Young people, never date a hot head, never, ever, ever.  Proverbs 22 verse 24 and five.  It says:

Do not associate with a man given to anger; Or go with a hot-tempered man, Lest you learn his ways, And find a snare for yourself.10

We know how frustrating it is to be someplace and all of the sudden you have a child that throws a tantrum, lays on the floor, kicks and screams and carries on and so forth. I remember each of my children tried the temper tantrum stunt once or twice.  But the swift sting of discipline caused them to instantly realize that that strategy of sinful manipulation must be immediately and forever forsaken. 

But we all know the little sinful stunts we pull when we want to get our own way, especially the person that is prone to being easily provoked.  We have all got those little cues, you know?  We come stomping into the room.  We have kind of got a tight, you know, teeth are gritted together and we are huffing and we are puffing and we slam the door and kick the cat and say, “just leave me alone.” That is the attitude.  Boy, there is an example of love. That person would make a great deacon. Wouldn’t you love to have that person for a Sunday school teacher.

A man who is easily provoked is a man obsessed with himself and has no concern for others.  You know, this is behind the rage that we see in our society where people are constantly demanding their rights.  They know nothing of Christian love. 

I know in the past, a number of years ago, I have had people in this church physically as well as verbally assault me, get in my face and scream and explode in a tirade of rage over things that if I were to tell you, you probably wouldn’t believe me.  But, beloved, this is always a sign of self centered pride, of a person who has no understanding of Christian love, because love is not provoked.

Let me digress for a moment and talk about this issue of anger.  Ask yourself. Are you an angry person?  And I might say that if you really want the answer, don’t ask yourself, but ask those who are closest to you.  And if in your heart right now you are saying, “I just wouldn’t feel comfortable doing that,” well, then, you have got your answer. Because, you see, an angry person is too proud to ask and too selfish to repent.  They’re masters in justifying their sin.  “Well, I have a reason to be angry because, after all...” And then here comes the justification. 

In Ecclesiastes 7:9, “Do not hasten in your spirit to be angry, For anger rests in the bosom of fools.”11 At his core an angry man is selfish and proud, typically nursing some kind of a wounded spirit over some real or perceived offense or some series of disappointments, the angry woman that hates men, the angry racist that hates some other ethnic group, the over bearing, jealous, controlling boyfriend, the abusive spouse, the guy with the little man syndrome that feels like he has got something that he has got to prove or the defiant rap artist that hates the whole world and he is walking around with that look, you know. 
These people are ruled by their emotions. 
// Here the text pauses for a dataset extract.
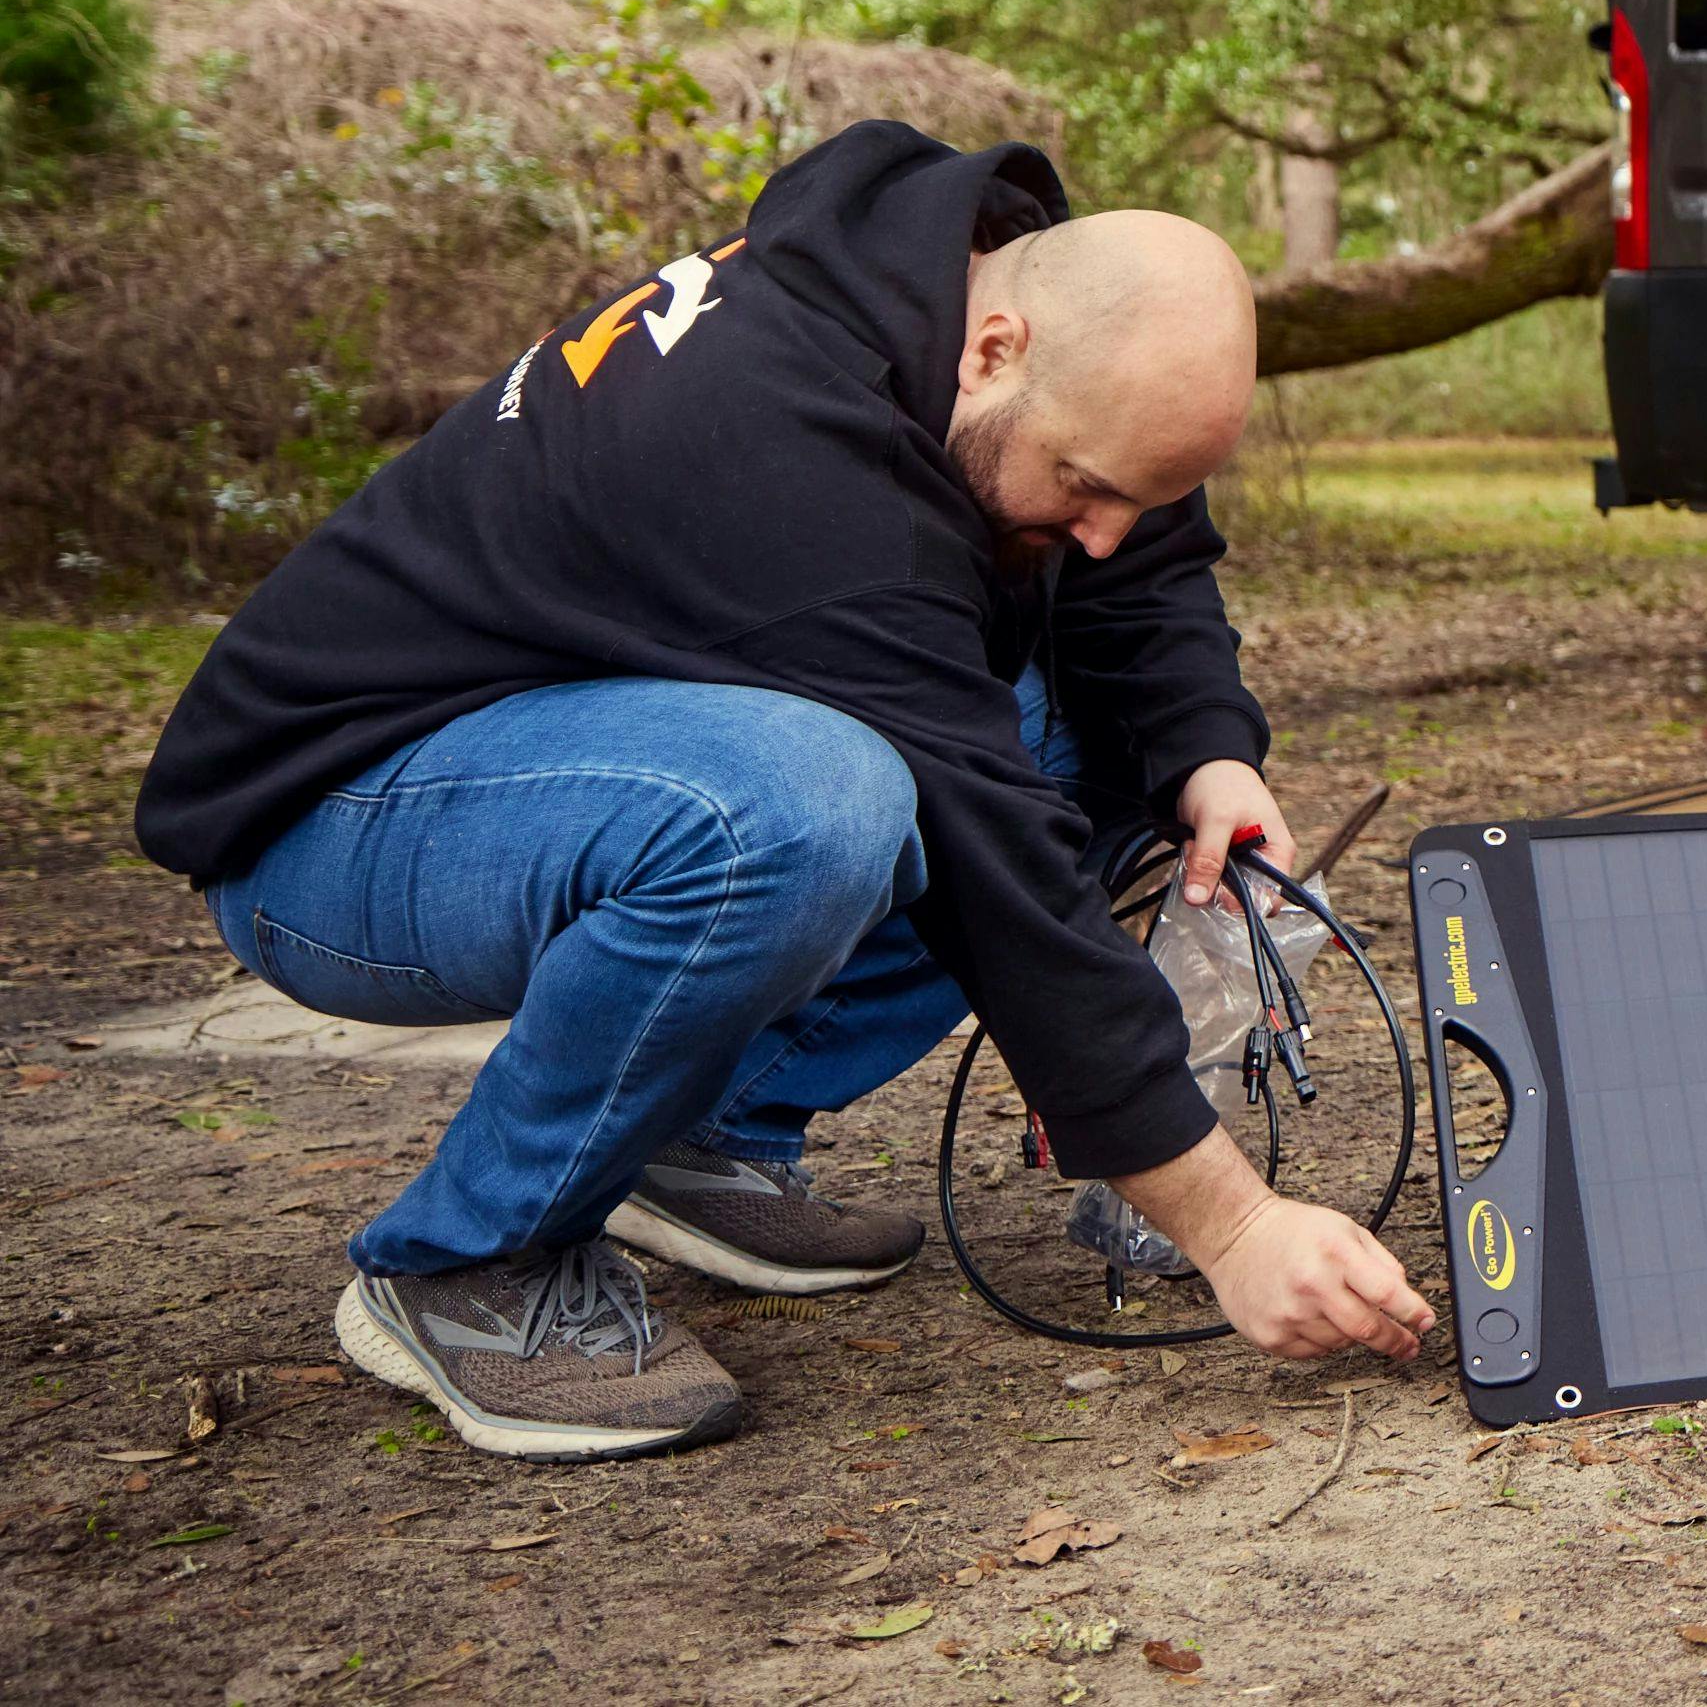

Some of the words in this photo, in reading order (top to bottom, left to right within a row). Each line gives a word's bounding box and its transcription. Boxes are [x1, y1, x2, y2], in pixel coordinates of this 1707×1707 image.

Guys, you know what it is like. We deal with this a lot in the world. Somebody looks at you and they have that attitude of “what are you looking at?”  You know, they are ready to fight.  They wear their emotions on their sleeve.  Here in the South we use the phrase “they are like an old sore tail cat.” I have never been around a sore tail cat, but I get the picture.

Proverbs 25 verse 28. “Whoever has no rule over his own spirit Is like a city broken down, without walls.”12 In other words, if you have no rule over your spirit, especially with respect to anger, you are exposed. You are vulnerable to evil thoughts and what you would really see as irresistible temptations.  You are easy prey to the destructive marauders of offense.  And, unfortunately, you will be come increasingly vulnerable to that. 
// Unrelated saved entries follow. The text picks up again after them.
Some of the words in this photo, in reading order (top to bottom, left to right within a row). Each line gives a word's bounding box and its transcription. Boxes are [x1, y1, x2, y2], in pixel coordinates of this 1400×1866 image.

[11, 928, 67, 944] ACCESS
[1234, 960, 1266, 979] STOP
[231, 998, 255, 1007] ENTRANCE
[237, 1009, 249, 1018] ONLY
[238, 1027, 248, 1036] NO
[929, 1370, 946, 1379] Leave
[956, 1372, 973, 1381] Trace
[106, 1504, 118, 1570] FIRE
I have never known an angry person to become less angry. They always become more. They become more easily offended.  This is unlike the man who guards against being irritated and angry, a man that rules his Spirit described in Proverbs 16:32.  It says, “He who is slow to anger is better than the mighty, And he who rules his spirit, than he who captures a city.”13

May I warn you about this because I know that this is a significant issue in many homes?
Let me ask you.  What happens to a man who continually yields the members of his body to a particular sin like that of anger?  Well, if you go to Romans chapter six and verse 16 you will see that that person will become the slave of that sin.  It says you become the slave of the one whom you obey. So the sin will become your master. That is the point.
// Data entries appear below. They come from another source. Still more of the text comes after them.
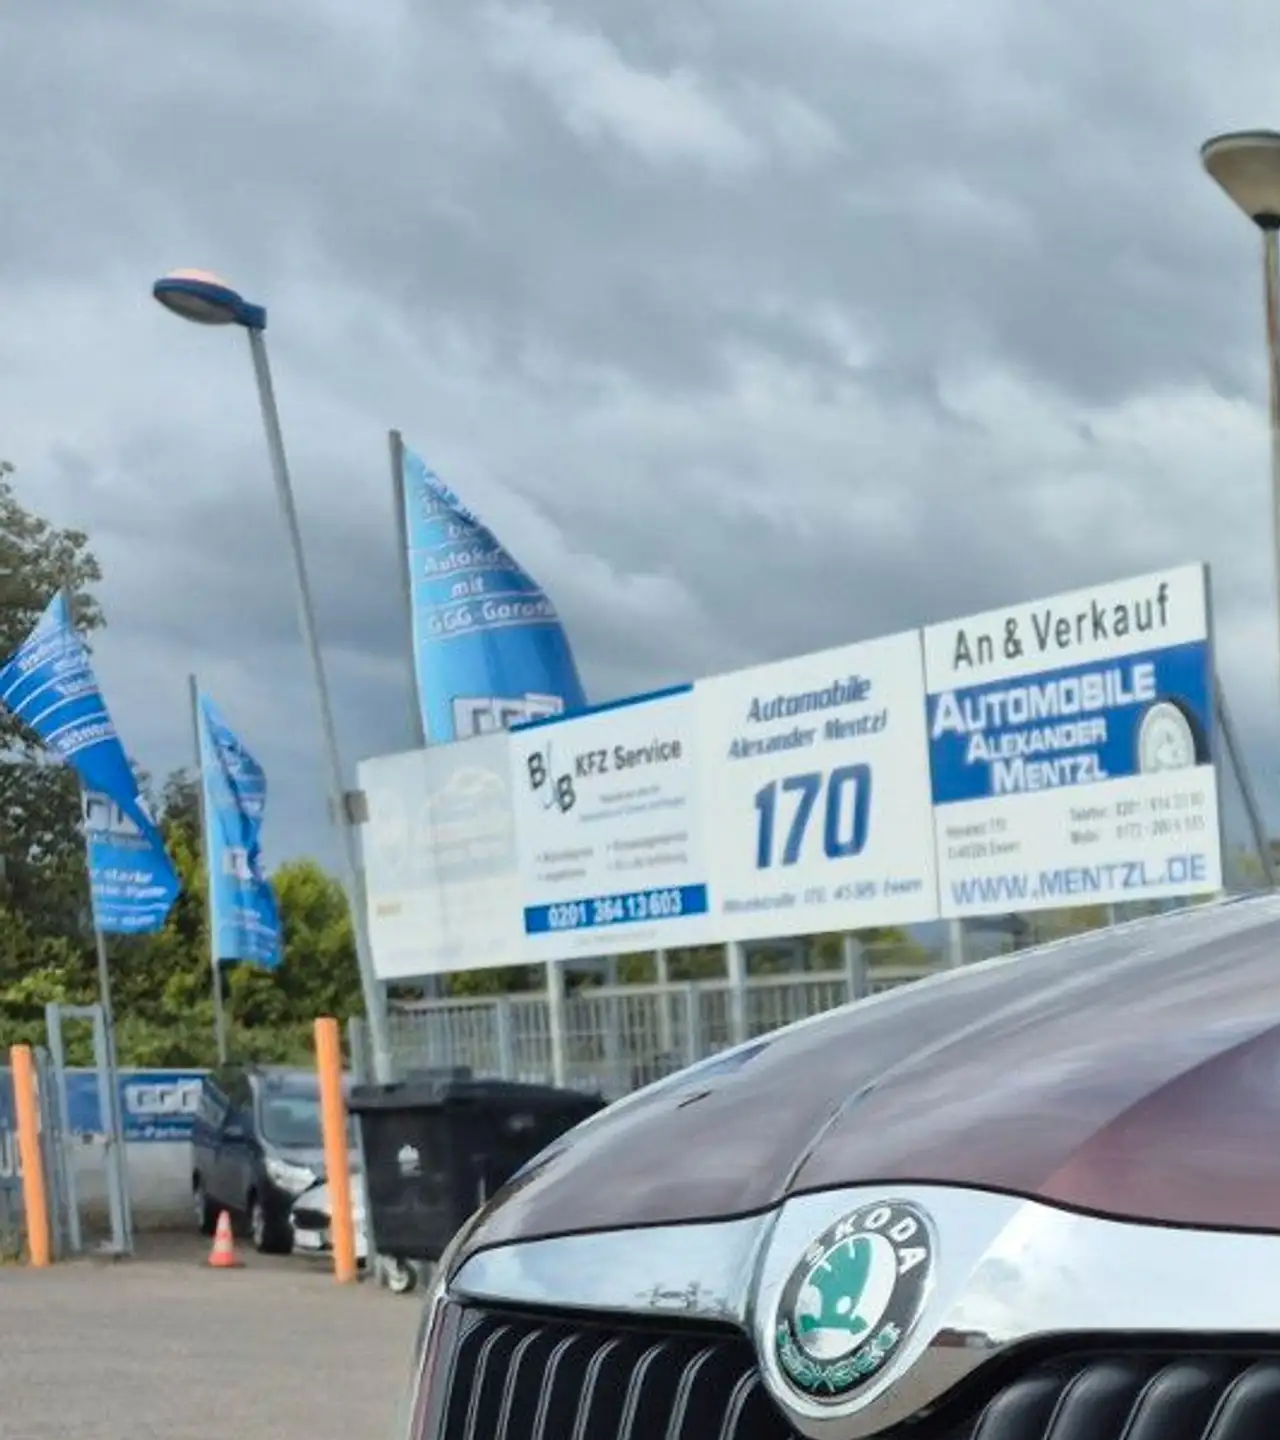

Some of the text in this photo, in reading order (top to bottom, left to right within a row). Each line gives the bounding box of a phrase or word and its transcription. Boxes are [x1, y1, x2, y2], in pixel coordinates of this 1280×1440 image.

[953, 582, 1169, 670] An & Verkauf
[747, 674, 872, 722] Automobile
[931, 662, 1156, 740] AUTOMOBILE
[575, 739, 682, 778] KFZ Service
[728, 707, 888, 760] Alexander Mentzl
[967, 717, 1107, 762] ALEXANDER
[993, 753, 1108, 796] MENTZL
[754, 762, 872, 869] 170
[950, 854, 1206, 906] WWW.MENTZL.DE
So as we look at Scripture, when a person, for example, continually gives himself over to folly, the Bible says he becomes a fool. He is called a fool. Proverbs 26 verse 11. “Like a dog that returns to its vomit Is a fool who repeats his folly.”14

Now, biblically the man who is increasingly dominated by sin and its consequences is ultimately classified by that sin. It is the idea of what we would call characterological sin, the sin defines their character, like a person that drinks all the time biblically is called a what?  A drunkard.   A person that lies all the time is called a liar.  A person that is an adulterer or a fornicator or a homosexual, you get the idea. They are called those things.  A fair weather Christian in James 1:8 is called, “a double-minded man, unstable in all his ways,”15 a heretic or a person who causes factions within the church according to Titus 3:10 is called a factious man.  And they are to be shunned after they have been confronted if they don’t repent.  Or a man prone to anger, as we see in Scripture is called an angry man, a hot tempered man.  Ecclesiastes 7:9, is labeled “a fool.”

These are the type of people we are called to avoid. And, dear Christians, if you are an angry person, if you are easily provoked, you simply must deal with that because if you don’t deal with that sin which is an attitude that is the enemy of love, you are going to see your world unravel because the Lord will not bless you.  He will not bless your marriage. He will not bless your family.
 
A ninth attribute in verse five, love, “does not take into account a wrong suffered.”16

I think the King James it says, “Thinketh no evil.”  That is really not a very good translation because the word “take into account” translates the verb logizomai (log-id’-zom-ahee).  Now, I know that is technical, but it is going to be very important. I want you to stay with me here.  This is crucial. 

This verb means to reckon or to count or compute or calculate.  It is an accounting term describing something that a bookkeeper would do in recording a transaction in a ledger for future reference.  To put it very simply what he is saying here is love does not keep a record of wrongs. 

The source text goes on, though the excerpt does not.